When Hoyts' then-new owners, Consolidated Press Holdings, re-established Hoyts Distribution, Nine Films and Television was formed. Releases from Nine and Hoyts are now distributed on video and DVD by SPHE.

SPHE and MGM

Since 2005, when Sony and four partners acquired MGM from Kirk Kerkorian, SPHE held the domestic home entertainment rights to MGM's 4,000 film and 10,400 TV episode library, although those releases are still being distributed under the MGM DVD label.On May 31, 2006, MGM ended distribution deal with SPHE and transferred most of its output to 20th Century Fox Home Entertainment. Sony still owns 20% of MGM, but Fox has no controlling interest in MGM.

SPHE is also distributing Blood and Chocolate on DVD despite the fact that MGM distributed the film on its own in selected theaters. This is due to the fact that MGM had the distribution rights for it before MGM was bought.

Criticism

  • Sony has been criticized by many DVD consumers for business practices they find bothersome; for instance, several movies (ranging from Guess Who's Coming to Dinner to Moscow on the Hudson) that were made available with a widescreen and pan-and-scan version on either side were reissued as pan-and-scan only titles. There was also discontent over their decision to release pan-and-scan only versions of Annie, Matilda, and Castle Keep, but only in the case of the final film did the director, Sydney Pollack, intervene and get a widescreen version issued (John Huston, director of Annie, died in 1987, and Danny DeVito did not comment on the DVD of his film Matilda). Annie in particular has a strange DVD history; the original 2000 DVD featured both widescreen and pan-and-scan versions of this 1982 Panavision musical, but the widescreen version was misframed, but later repressed. [150905] However, the corrected version was pulled and replaced with a pan-and-scan only "Special Anniversary Edition" (with a DTS soundtrack) in 2004, while other countries received widescreen versions of the reissue. Similarly, Ghostbusters II and White Nights were released on Laserdisc letterboxed to an aspect ratio of 1.85:1, even though both titles were shot in anamorphic 2.35:1. The DVD of Ghostbusters II corrects this problem, but White Nights is still incorrectly displayed at 1.85:1.

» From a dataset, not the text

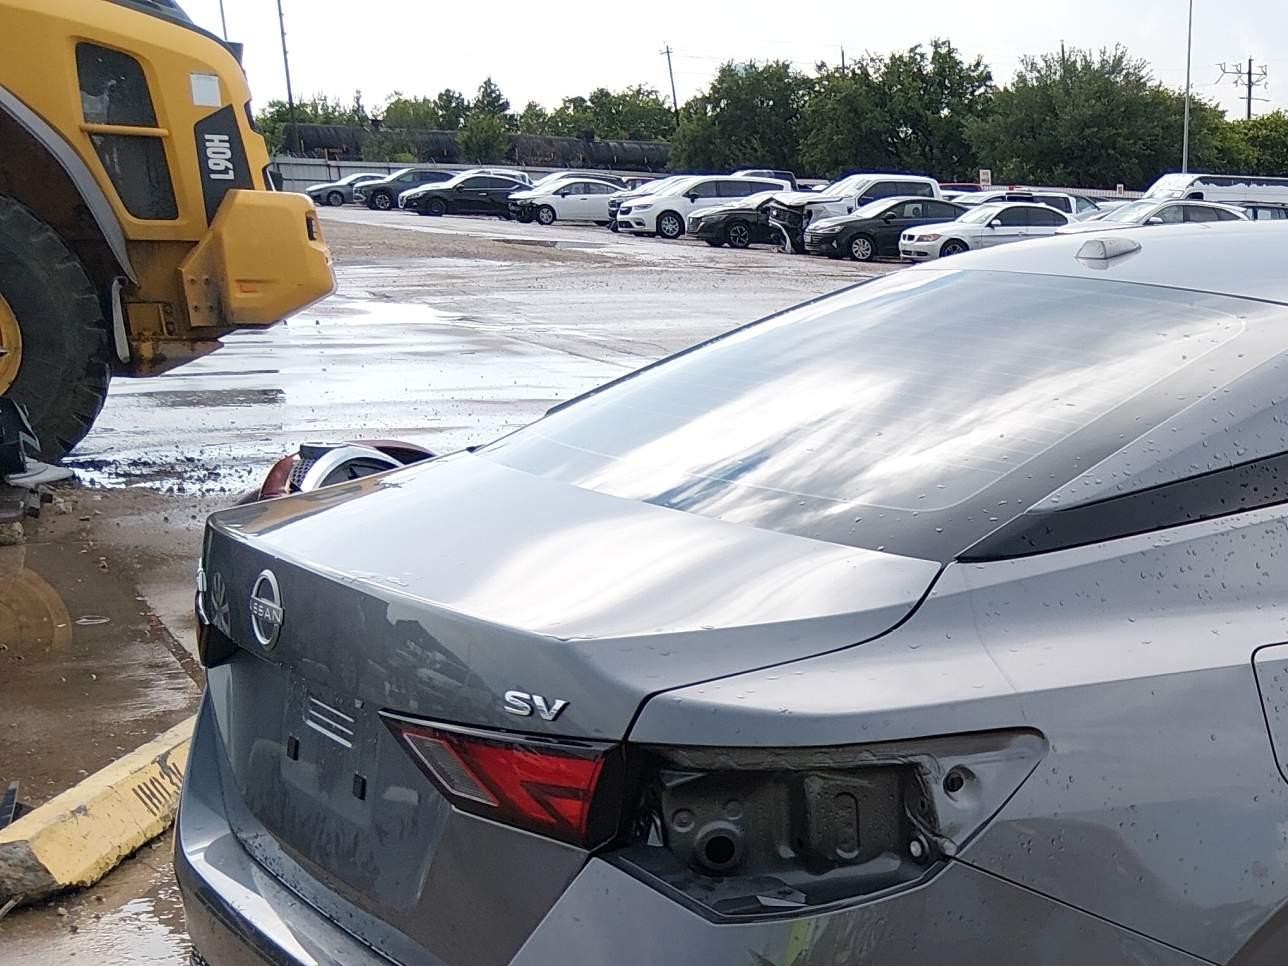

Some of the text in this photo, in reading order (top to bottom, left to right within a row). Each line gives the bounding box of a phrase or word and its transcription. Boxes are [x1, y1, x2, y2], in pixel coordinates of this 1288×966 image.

  • In another incident, the third season DVD set of Married with Children did not feature the Frank Sinatra theme song Love and Marriage due to a licensing dispute between SPHE and the publishers of the song. Many fans were upset that the theme had to be replaced, and has been replaced on all subsequent sets. [150906]


  • Also, some episodes of TV series the studio has released on DVD have been edited syndication versions, though most episodes are the unedited versions. One recent offense is a whole story point missing from volume 1 of Norman Lear's satirical soap opera Mary Hartman, Mary Hartman). [150907]




  • The recent repackaging of individual seasons as complete series sets with Sanford and Son, Good Times, What's Happening!!, Soap, and NewsRadio were criticized because they held the discs (which ranged from 9 to 18 depending on how many seasons exist per show) on a plastic spindle, similar to those in stacks of blank DVD-Rs, that made it difficult to access individual discs. Some fans considered the physical packages cheap and shoddy.


  • In June 2009, Sony released Season 7 of the acclaimed TV series The Shield with no subtitles or closed captioning, even though seasons 1 through 6 had been fully subtitled like most DVD's. This unleashed a torrent of criticism.